**TASK DIRECTIONS**
The data below is to be written out exactly, with no pictures.

**Phrase grounding data**
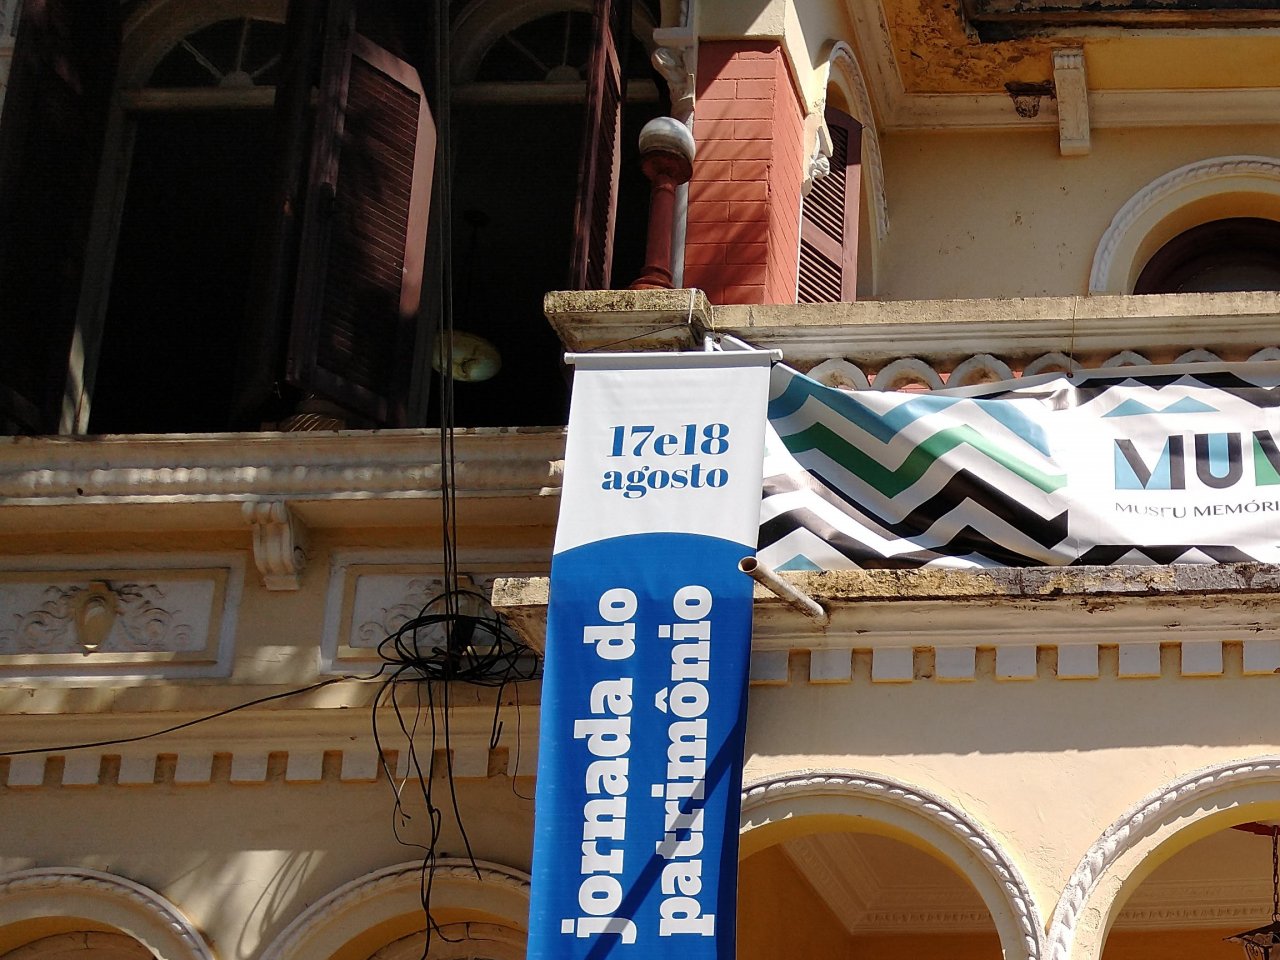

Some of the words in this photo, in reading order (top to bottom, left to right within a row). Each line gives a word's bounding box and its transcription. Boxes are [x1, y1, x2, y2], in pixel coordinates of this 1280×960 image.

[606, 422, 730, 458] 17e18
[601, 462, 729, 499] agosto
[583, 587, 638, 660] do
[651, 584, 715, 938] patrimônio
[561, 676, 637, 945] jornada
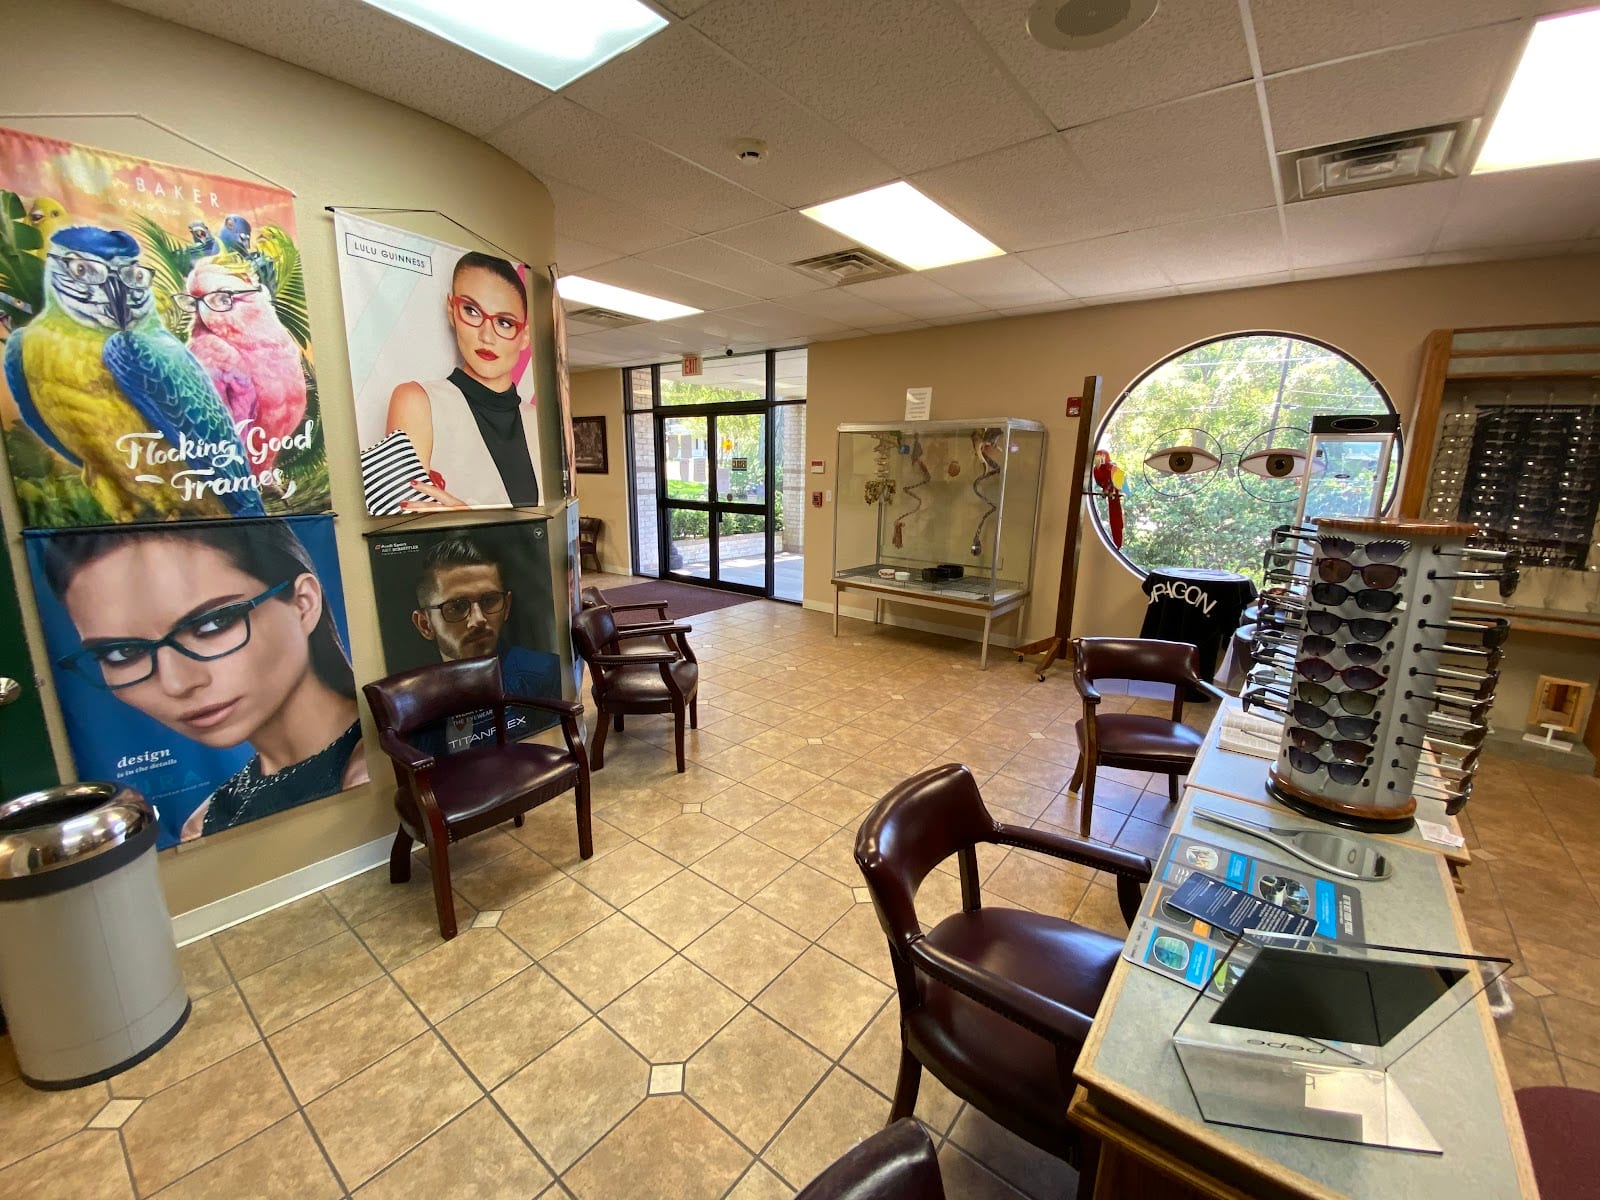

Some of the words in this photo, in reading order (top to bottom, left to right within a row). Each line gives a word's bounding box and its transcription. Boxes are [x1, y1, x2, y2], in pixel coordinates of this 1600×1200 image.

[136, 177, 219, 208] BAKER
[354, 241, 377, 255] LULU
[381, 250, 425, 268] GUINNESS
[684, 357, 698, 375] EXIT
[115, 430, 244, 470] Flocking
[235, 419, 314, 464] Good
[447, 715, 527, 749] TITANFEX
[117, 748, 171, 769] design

**EXERCISE RESPONSE**
Some of the words in this photo, in reading order (top to bottom, left to right within a row). Each line gives a word's bounding box and its transcription. Boxes are [x1, y1, x2, y2], in pixel coordinates of this 1280×960 image.

[606, 422, 730, 458] 17e18
[601, 462, 729, 499] agosto
[583, 587, 638, 660] do
[651, 584, 715, 938] patrimônio
[561, 676, 637, 945] jornada

Some of the words in this photo, in reading order (top to bottom, left to right within a row). Each line gives a word's bounding box and its transcription. Boxes are [x1, y1, x2, y2], in pixel coordinates of this 1600×1200 image.

[136, 177, 219, 208] BAKER
[354, 241, 377, 255] LULU
[381, 250, 425, 268] GUINNESS
[684, 357, 698, 375] EXIT
[115, 430, 244, 470] Flocking
[235, 419, 314, 464] Good
[447, 715, 527, 749] TITANFEX
[117, 748, 171, 769] design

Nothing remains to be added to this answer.